Tutte le 'parti sociali' si dicono soddisfatte del risultato ottenuto. Il marchio è salvo, la produzione può ripartire.
È soddisfatta la Keestrack, l'azienda belga che si è trovata al posto giusto nel momento giusto. Come biasimarli? Per poco più di un piatto di lenticchie sono riusciti a portare a casa un'azienda specializzata e nota in tutto il mondo. Di più: grazie alla loro posizione di forza hanno dettato legge, imponendo il licenziamento di un terzo dei dipendenti, senza che il sindacato potesse fiatare.
Sono soddisfatti i dirigenti italiani della Goldoni, che potranno continuare a vivere come nababbi. Hanno passato gli ultimi anni tra stipendi smisurati, lussuose auto aziendali e pranzi di pesce pagati col sudore degli operai.
Non gli è mai interessato che l'azienda fosse in perdita e che una realtà tanto fondamentale per Carpi e Rio Saliceto rischiasse di scomparire. Adesso si preparano a una nuova avventura, non possono che esserne entusiasti.
È soddisfatta persino la multinazionale cinese, anche se ad oggi non è chiaro cosa volessero ottenere. La proprietà del marchio? Il fallimento di un concorrente? In ogni caso ne hanno ricavato un know-how praticamente inestimabile, possono gongolare anche loro.
Anche le istituzioni regionali (in primis Bonaccini e Colla) possono dirsi contente, hanno aumentato la propria proiezione politica senza doversi spendere più di tanto.
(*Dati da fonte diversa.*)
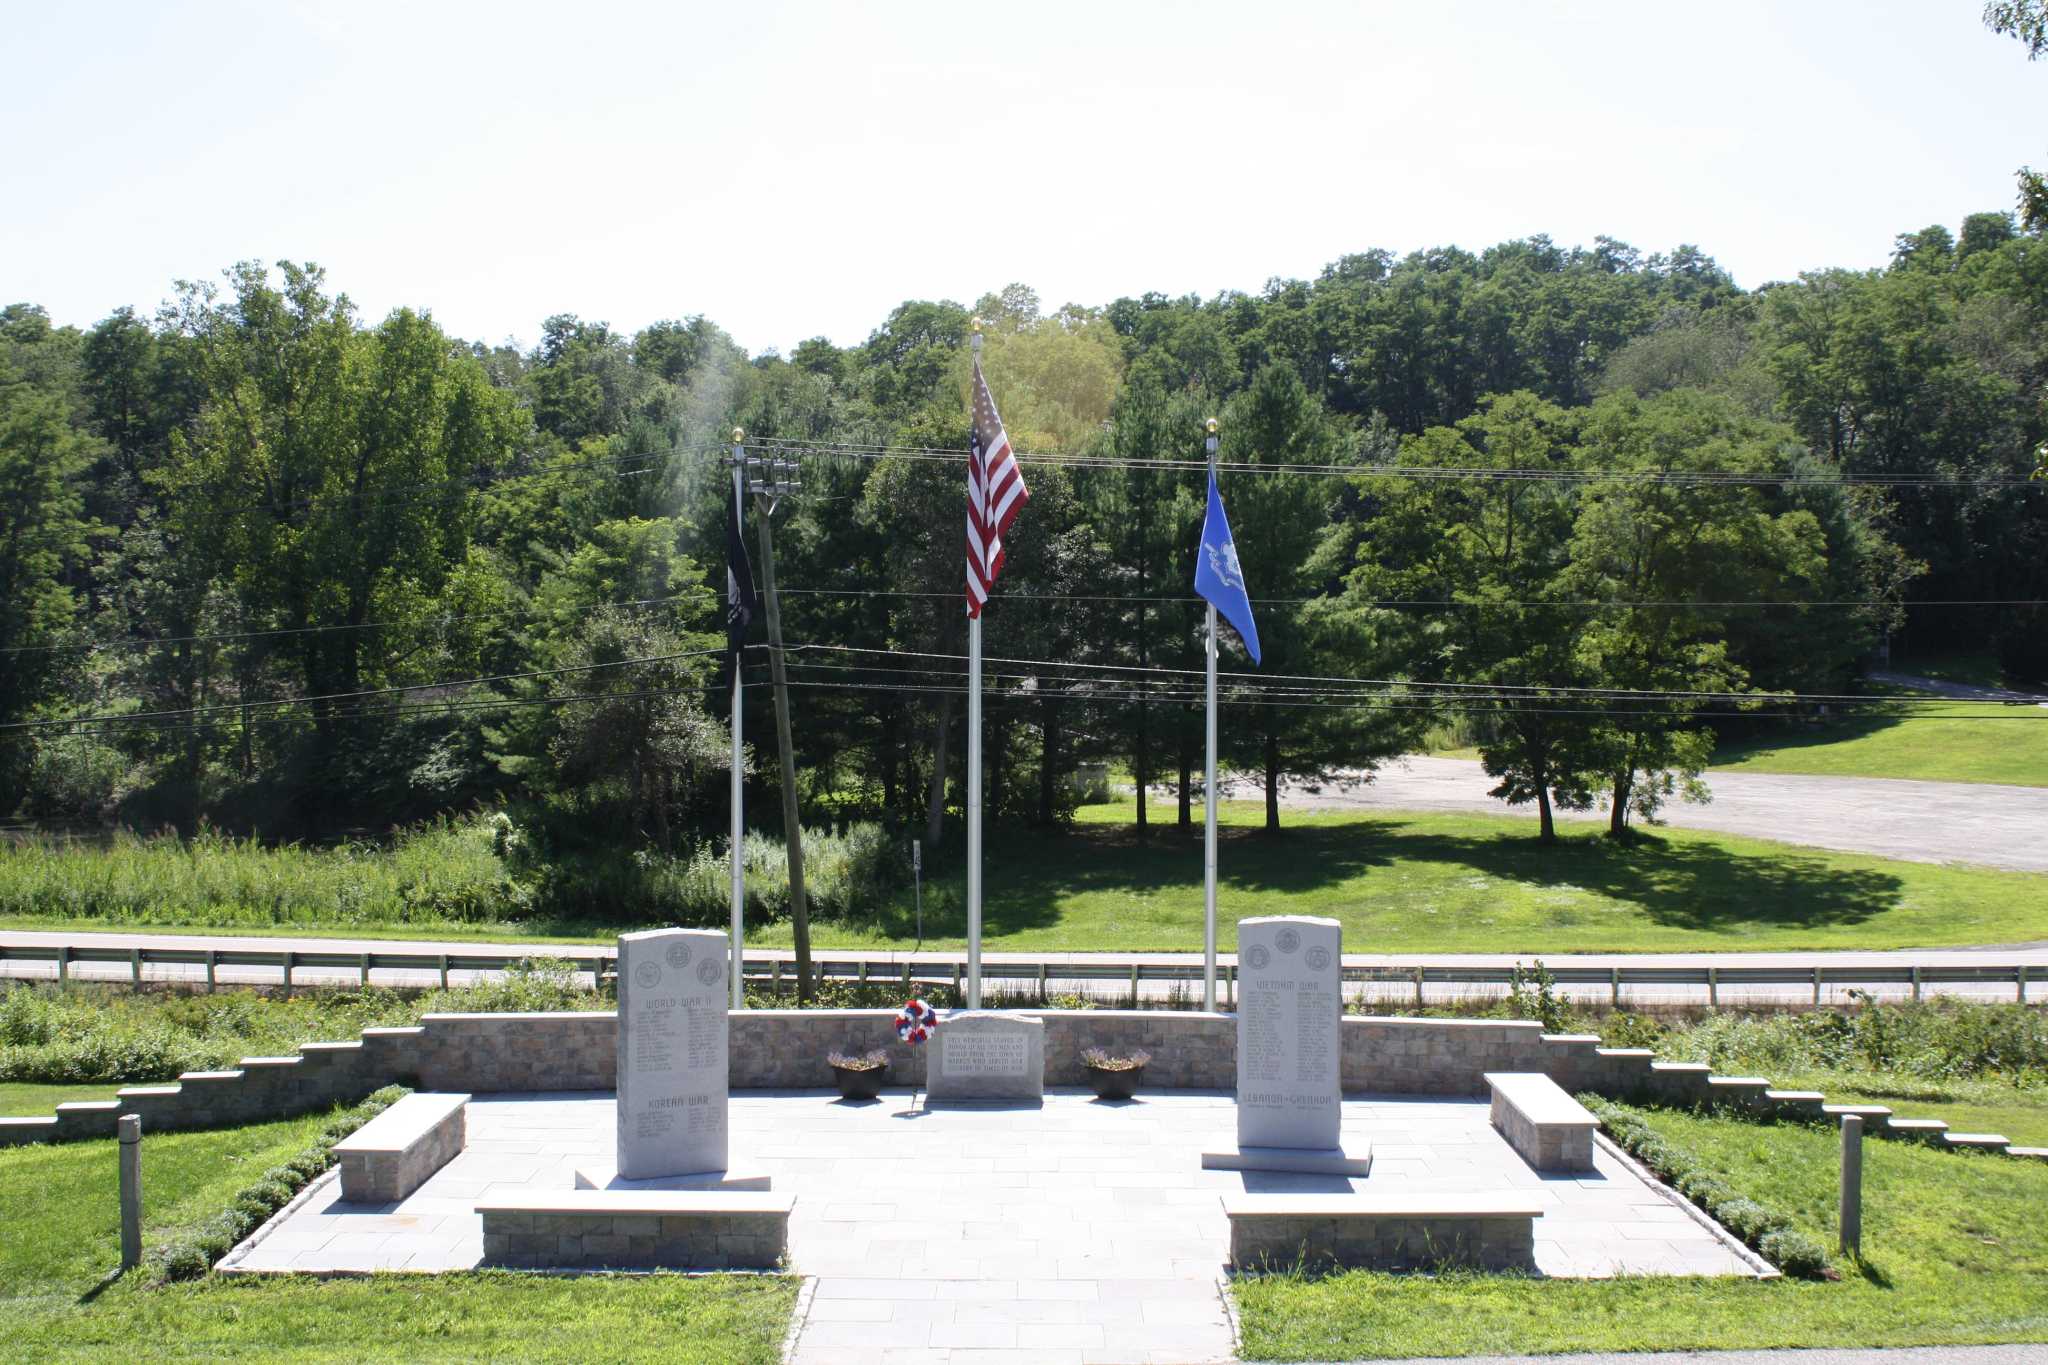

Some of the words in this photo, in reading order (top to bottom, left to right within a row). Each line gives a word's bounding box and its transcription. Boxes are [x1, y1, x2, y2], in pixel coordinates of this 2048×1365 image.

Molto meno contenti saranno i sindaci e i loro concittadini, soprattutto a Rio Saliceto, dove il danno all'indotto sarà difficilmente riparabile in poco tempo.
Allo stesso modo CGIL e CISL, come organizzazioni, possono dire di aver portato a casa la faccia, nonostante abbiano affrontato la vertenza senza una vera strategia e puntando unicamente a rimanere a galla.
Per contro, i delegati sindacali che si sono trovati a dover seguire questa linea devono oggi ingoiare un rospo dalle dimensioni spropositate.
Questi ultimi, insieme agli altri operai, non sono per niente contenti. Hanno fatto grande la Goldoni e il nome del suo proprietario (che l'ha indebitata e portata sull'orlo del fallimento, salvo prima scappare coi soldi dei cinesi). Hanno sopportato mesi e mesi di cassa integrazione, senza che l'azienda rispettasse la turnazione, concedendo a pochi 'privilegiati' di poter continuare a lavorare. I 110 operai che rimangono perdono svariate tutele e devono rinunciare ad almeno 1200 euro annui di premio produzione, praticamente un mese di stipendio.
Dopo 6 mesi passati a presidiare l'azienda perché non venissero portati via i macchinari, a difesa della propria dignità, 69 di loro se ne sono dovuti andare. Prenderanno una buonuscita misera, nonostante molti lavorassero in quella fabbrica da ben prima che io nascessi. Addirittura l'azienda ha pensato di licenziare un operaio in fascia protetta!
Perché nessuno parla di questo? Perché tutti gridano alla vittoria e nessuno ha il coraggio di dire le cose come stanno? Alla Goldoni si è consumato uno scempio durato un decennio e con un finale impietoso, alcuni operai la percepiscono come una presa in giro e hanno ragione. Rivolgo a lei e ai suoi redattori il più sincero invito a far luce su quanto veramente successo, al di là dei comunicati della Keestrack, della Goldoni, della Lovol, della CGIL e del PD.